In Jewish rabbinical law, the consensus was that someone might be forgiven for a repeated sin three times. On the fourth offense, there would be no forgiveness. But Peter, wanting to show himself as big-hearted, volunteers “seven times” in answer to his own question. Seven here would be a rather generic larger figure that was often used- it was, after all, the umber of perfection. It was meant to be seen as a perfect, “round” number.
Jesus’ response to Peter refers back to Genesis 4:24, which says- “If Cain shall be avenged sevenfold, truly Lamech seventy and sevenfold.” Lamech was a sixth generation descendant of Cain- he of Cain and Abel fame. And Jesus takes Lamech’s “seventy and sevenfold” revenge and transforms it instead into a principle of forgiveness. He then punctuates the whole thing with this powerful parable about forgiveness.
To give you some idea of the size of the indebtedness owed to the king- 10,000 talents- David donated three thousand talents of gold and seven thousand talents of silver for the construction of the temple. Such indebtedness couldn’t possibly be covered by selling the family into slavery: top price for a slave was about one talent.
Or let’s look at it this way- a denarius was one day’s wage for a typical day laborer. He would work six days a week and, taking Jewish holidays into consideration, would work about 50 weeks a year- earning 300 denarii/year. It took 6,000 denarii to equal one talent, meaning it would take you 20 years to earn a talent. But this guy owed 10,000 talents. That would take…ready?…200,000 YEARS to earn! Extrapolate the numbers out, looking at current minimum wage, and what he owed, in today’s dollars, suddenly blossoms into the billions with a “B”! The servant’s plight is desperate. He has neither the resources or the hope to ever pay this back. But the master takes pity on him and cancels the debt.

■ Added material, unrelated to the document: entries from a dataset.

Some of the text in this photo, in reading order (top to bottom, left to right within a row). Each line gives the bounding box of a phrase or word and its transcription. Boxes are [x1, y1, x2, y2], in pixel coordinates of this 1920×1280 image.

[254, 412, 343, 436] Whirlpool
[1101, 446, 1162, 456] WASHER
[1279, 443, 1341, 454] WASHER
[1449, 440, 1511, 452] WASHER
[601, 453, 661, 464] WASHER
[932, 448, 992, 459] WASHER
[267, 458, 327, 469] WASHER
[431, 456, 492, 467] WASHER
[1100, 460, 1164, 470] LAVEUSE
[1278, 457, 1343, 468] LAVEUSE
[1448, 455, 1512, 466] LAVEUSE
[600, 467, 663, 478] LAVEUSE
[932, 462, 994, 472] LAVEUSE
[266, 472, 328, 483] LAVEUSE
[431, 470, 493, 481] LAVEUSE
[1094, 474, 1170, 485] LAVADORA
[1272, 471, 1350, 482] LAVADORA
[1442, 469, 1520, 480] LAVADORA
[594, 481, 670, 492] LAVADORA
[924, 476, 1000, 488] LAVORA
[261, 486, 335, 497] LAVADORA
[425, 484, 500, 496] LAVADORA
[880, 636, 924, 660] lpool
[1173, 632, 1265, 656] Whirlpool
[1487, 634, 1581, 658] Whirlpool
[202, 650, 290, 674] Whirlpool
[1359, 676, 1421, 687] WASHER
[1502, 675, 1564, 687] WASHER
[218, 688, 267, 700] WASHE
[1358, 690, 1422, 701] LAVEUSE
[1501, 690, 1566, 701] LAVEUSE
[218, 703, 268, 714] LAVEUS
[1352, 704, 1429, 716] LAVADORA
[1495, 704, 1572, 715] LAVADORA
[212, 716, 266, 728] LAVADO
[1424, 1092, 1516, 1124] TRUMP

And instead of carrying that forgiveness on to the next person, the servant behaves horribly to the one who owes HIM money- a LOT less money, I might add. The king gets wind and has the servant thrown into prison and tortured until he can pay back what he owes- which, as we just established, will be…never.

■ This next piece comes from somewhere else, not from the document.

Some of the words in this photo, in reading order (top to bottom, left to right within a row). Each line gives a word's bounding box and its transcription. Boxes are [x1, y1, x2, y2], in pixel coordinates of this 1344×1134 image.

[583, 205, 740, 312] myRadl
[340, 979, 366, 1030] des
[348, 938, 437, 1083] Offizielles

People read this parable and they understand that the king is God and we are the servant. But they blanch at the notion that a loving God Who would forgive such a debt would be the SAME God Who would mete out such awful punish. “My God would NEVER do THAT!”
But Jesus sees no with the actions of a heavenly Father Who forgives so extravagantly and yet seems willing to punish so ruthlessly. But if you think about it, it’s exactly BECAUSE He has such compassion and mercy that He can’t possibly accept those devoid of such things. Let’s be clear here- Jesus is NOT saying that 77 times is the upper limit of forgiveness. Instead, He is saying that forgiveness should not, and cannot, be limited by numerical limitations like frequency or quantity.

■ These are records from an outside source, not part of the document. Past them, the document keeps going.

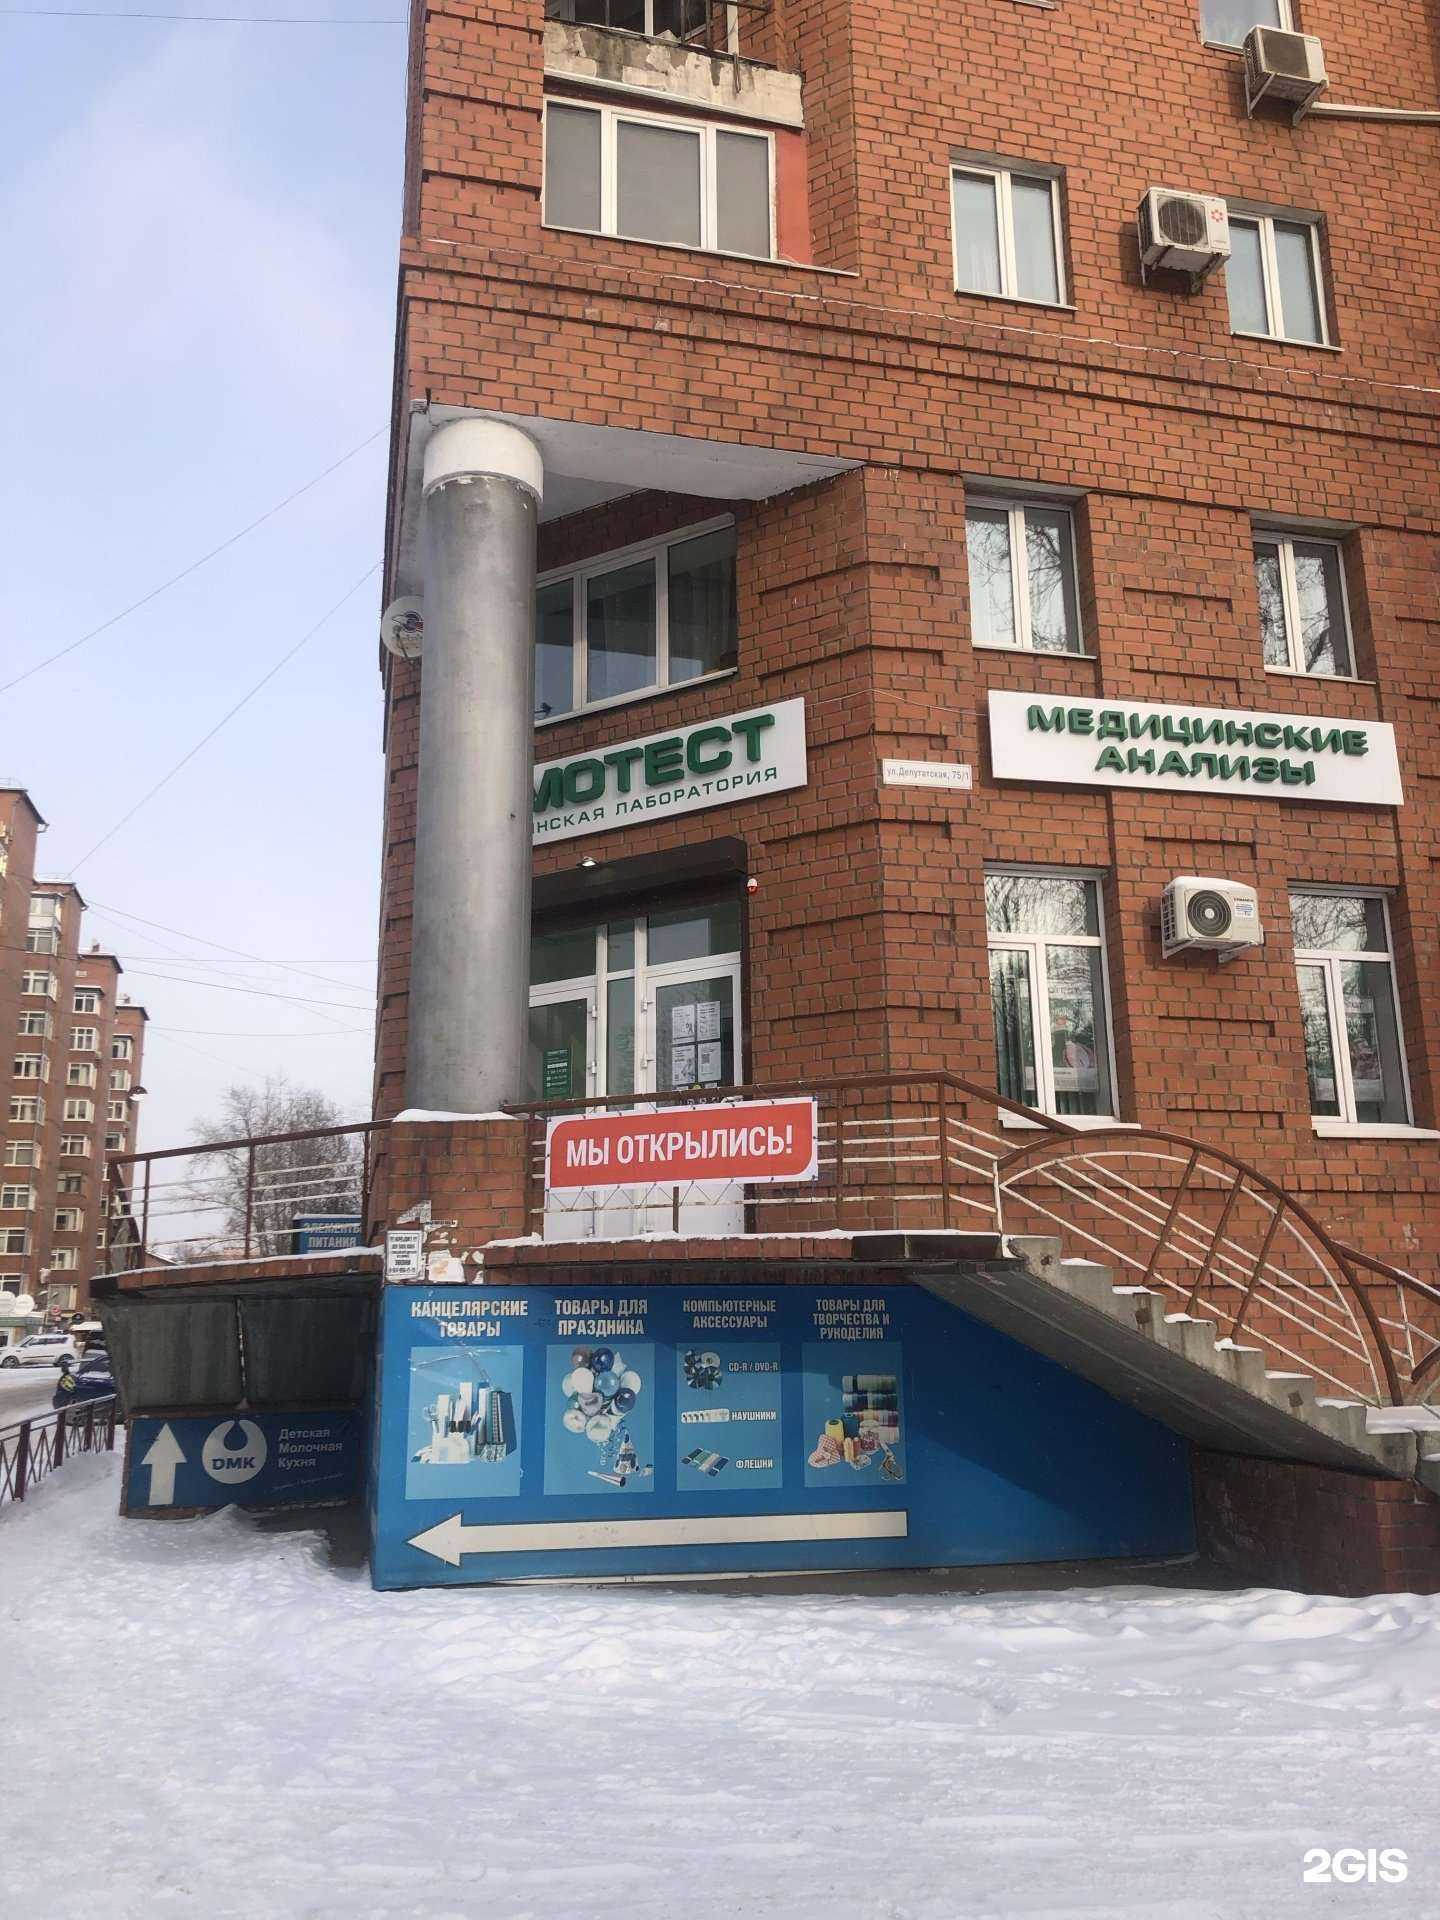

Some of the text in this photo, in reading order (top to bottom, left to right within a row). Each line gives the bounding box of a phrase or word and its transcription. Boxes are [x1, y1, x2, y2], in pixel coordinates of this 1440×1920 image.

[1027, 704, 1369, 756] МЕДИЦИНСКИЕ
[1095, 745, 1316, 786] АНАЛИЗЫ
[533, 767, 778, 834] НСКАЯ ЛАБОРАТОРИЯ
[566, 1124, 794, 1168] МЫ ОТКРЫЛИСЬ!
[308, 1236, 357, 1248] ПИТАНИЯ
[411, 1300, 529, 1319] КАНЦЕЛЯРСКИЕ
[555, 1299, 648, 1318] ТОВАРЫ ДЛЯ
[683, 1299, 777, 1313] КОМПЬЮТЕРНЫЕ
[816, 1299, 886, 1314] ТОВАРЫ ДЛЯ
[693, 1315, 769, 1329] АКСЕССУАРЫ
[813, 1313, 890, 1326] ТВОРЧЕСТВА И
[440, 1320, 501, 1338] ТОВАРЫ
[558, 1319, 645, 1337] ПРАЗДНИКА
[820, 1327, 884, 1341] РУКОДЕЛИЯ
[728, 1361, 748, 1372] CD-R
[731, 1410, 777, 1422] НАУШНИКИ
[278, 1428, 331, 1442] Детская
[278, 1442, 344, 1454] Молочная
[212, 1456, 256, 1471] DMK
[277, 1456, 317, 1472] Кухня
[735, 1458, 774, 1470] ФЛЕШКИ

Question #3- Do “forgive” and “forget” truly go hand in hand?
Who do you need to forgive? What are the things that you have been unable to let go that threaten to keep you bound forever? Here’s my advice- let go of them. Or to quote those great theologians over at Frozen- Let it Go! Holding a grudge has NO negative impact on the other person. They’re sleeping just fine at night, thank you very much! It’s YOU who suffers when you refuse to forgive. It eats you alive, from the inside out. AND it separates you from the love and forgiveness of God.
Actor Bradley Whitford said this, “Infuse your life with action. Don’t wait for it to happen. Make it happen. Make your own future. Make your own hope. Make your own love. And whatever your beliefs, honor your creator, not by passively waiting for grace to come down from upon high, but by doing what you can to make grace happen… yourself, right now, right down here on Earth.” In other words, seek forgiveness with all your heart…and offer it that same way.